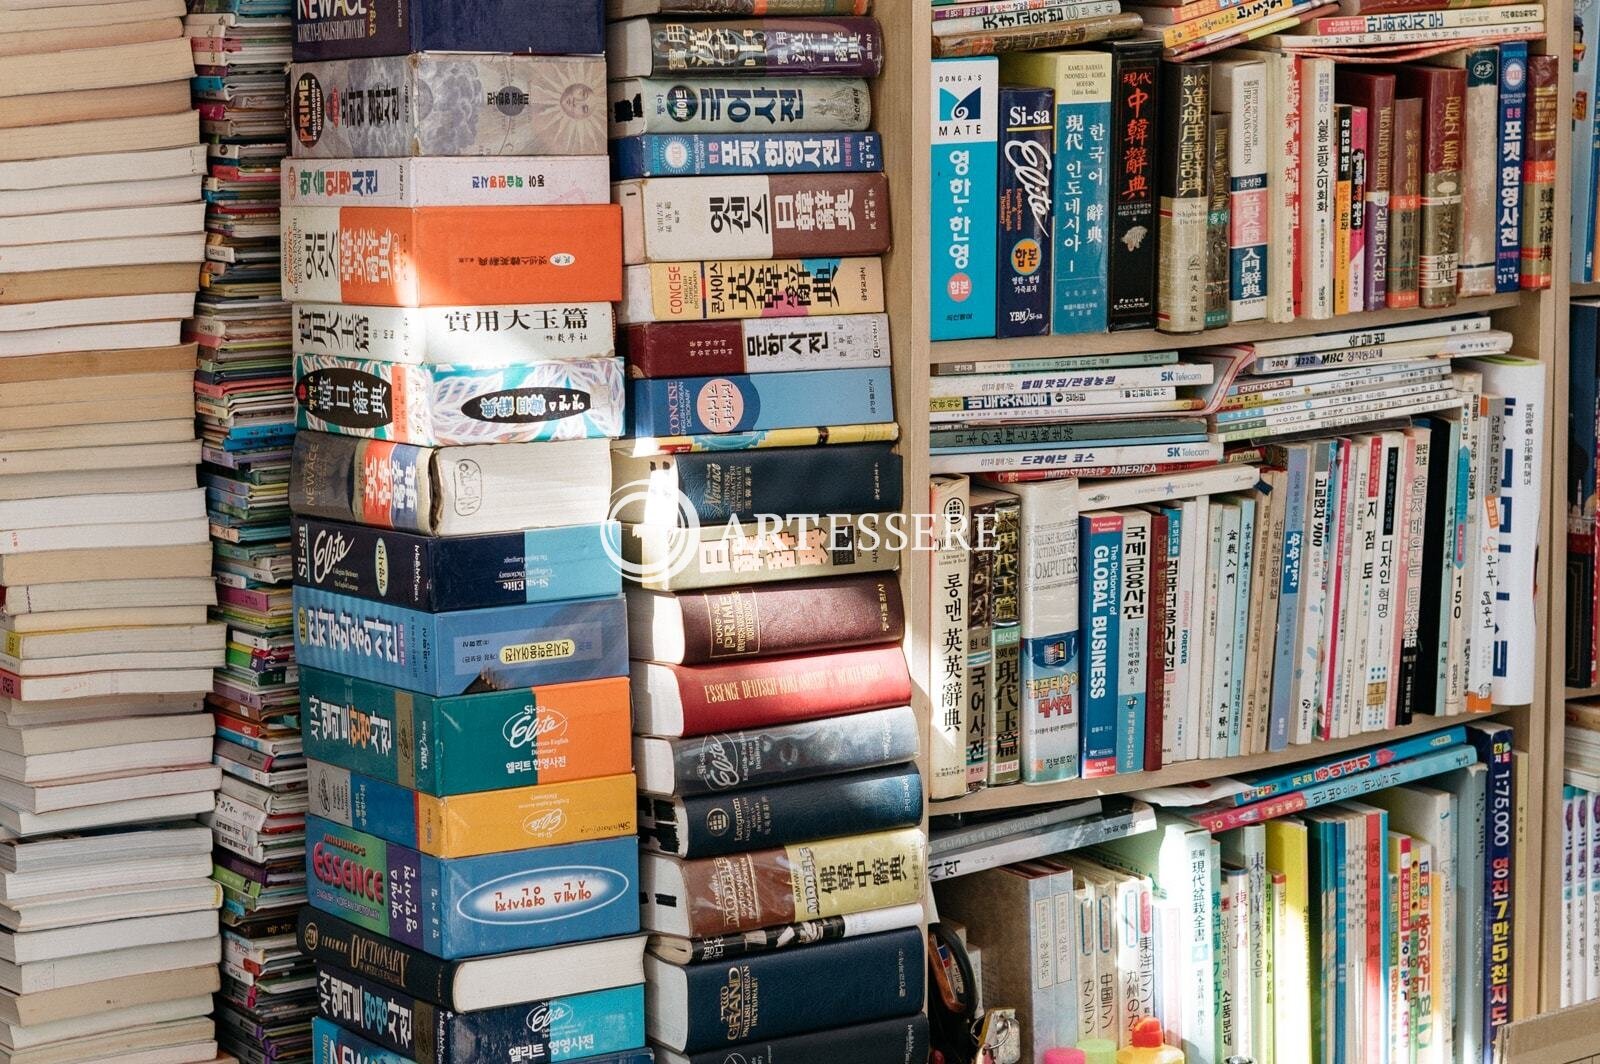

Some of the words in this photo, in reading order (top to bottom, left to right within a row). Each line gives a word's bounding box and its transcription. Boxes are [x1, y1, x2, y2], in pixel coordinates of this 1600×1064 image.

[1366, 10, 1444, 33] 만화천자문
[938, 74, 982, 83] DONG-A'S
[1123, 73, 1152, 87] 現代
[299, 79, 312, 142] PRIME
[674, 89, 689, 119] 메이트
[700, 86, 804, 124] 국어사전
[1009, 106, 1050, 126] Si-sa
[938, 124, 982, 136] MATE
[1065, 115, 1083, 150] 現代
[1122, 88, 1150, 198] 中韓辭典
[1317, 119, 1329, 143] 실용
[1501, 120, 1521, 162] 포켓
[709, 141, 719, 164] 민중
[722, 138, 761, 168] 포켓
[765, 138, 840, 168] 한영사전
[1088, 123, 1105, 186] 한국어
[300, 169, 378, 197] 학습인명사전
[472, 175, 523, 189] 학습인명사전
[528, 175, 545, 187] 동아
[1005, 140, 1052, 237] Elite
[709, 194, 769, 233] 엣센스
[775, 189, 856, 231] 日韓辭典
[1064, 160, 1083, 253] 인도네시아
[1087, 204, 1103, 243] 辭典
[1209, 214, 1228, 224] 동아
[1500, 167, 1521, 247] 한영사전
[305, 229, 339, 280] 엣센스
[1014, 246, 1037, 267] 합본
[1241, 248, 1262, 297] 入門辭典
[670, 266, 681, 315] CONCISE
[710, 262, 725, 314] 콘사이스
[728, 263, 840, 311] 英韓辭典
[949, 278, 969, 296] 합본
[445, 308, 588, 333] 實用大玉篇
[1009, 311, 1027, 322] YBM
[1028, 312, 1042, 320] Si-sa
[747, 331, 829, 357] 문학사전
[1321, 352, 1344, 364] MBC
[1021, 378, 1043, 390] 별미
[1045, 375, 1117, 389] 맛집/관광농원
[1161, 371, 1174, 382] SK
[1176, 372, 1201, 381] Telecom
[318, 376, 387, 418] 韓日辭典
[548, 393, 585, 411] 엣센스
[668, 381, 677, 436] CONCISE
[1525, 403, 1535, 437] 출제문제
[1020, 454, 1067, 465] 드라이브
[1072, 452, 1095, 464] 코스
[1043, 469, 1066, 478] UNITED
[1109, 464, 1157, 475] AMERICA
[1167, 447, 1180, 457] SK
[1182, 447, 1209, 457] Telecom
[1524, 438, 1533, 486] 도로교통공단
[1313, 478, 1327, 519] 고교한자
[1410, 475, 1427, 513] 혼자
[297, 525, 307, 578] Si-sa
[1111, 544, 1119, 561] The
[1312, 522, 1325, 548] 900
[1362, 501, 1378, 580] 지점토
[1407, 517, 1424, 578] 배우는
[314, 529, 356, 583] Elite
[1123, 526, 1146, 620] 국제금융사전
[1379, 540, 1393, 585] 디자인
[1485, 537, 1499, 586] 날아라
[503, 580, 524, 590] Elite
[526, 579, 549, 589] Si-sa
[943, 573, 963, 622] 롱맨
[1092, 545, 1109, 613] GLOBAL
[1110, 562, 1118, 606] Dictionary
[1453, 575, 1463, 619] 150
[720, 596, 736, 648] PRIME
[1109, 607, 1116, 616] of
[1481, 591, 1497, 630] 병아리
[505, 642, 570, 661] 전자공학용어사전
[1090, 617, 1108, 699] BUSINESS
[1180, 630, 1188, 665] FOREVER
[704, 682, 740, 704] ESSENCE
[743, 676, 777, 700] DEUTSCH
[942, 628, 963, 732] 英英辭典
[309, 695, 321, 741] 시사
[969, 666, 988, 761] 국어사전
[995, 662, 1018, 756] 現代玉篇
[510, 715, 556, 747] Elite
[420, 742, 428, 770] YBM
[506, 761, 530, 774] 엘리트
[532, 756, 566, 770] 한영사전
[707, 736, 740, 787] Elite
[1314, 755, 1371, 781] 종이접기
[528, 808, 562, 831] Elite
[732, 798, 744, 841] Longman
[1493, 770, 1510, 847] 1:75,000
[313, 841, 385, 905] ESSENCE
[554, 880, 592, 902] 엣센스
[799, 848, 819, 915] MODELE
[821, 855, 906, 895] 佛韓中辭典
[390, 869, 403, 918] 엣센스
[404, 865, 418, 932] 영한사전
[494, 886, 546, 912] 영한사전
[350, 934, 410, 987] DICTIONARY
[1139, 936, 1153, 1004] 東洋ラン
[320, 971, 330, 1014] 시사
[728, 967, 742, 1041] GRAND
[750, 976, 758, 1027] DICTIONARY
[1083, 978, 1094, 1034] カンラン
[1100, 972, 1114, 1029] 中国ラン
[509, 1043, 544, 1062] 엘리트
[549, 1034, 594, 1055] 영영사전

## TASK BRIEF
Which lines of the entries above contain the string "CONCISE"? Copy each one.

## ANSWER FOR THE TASK
[670, 266, 681, 315] CONCISE
[668, 381, 677, 436] CONCISE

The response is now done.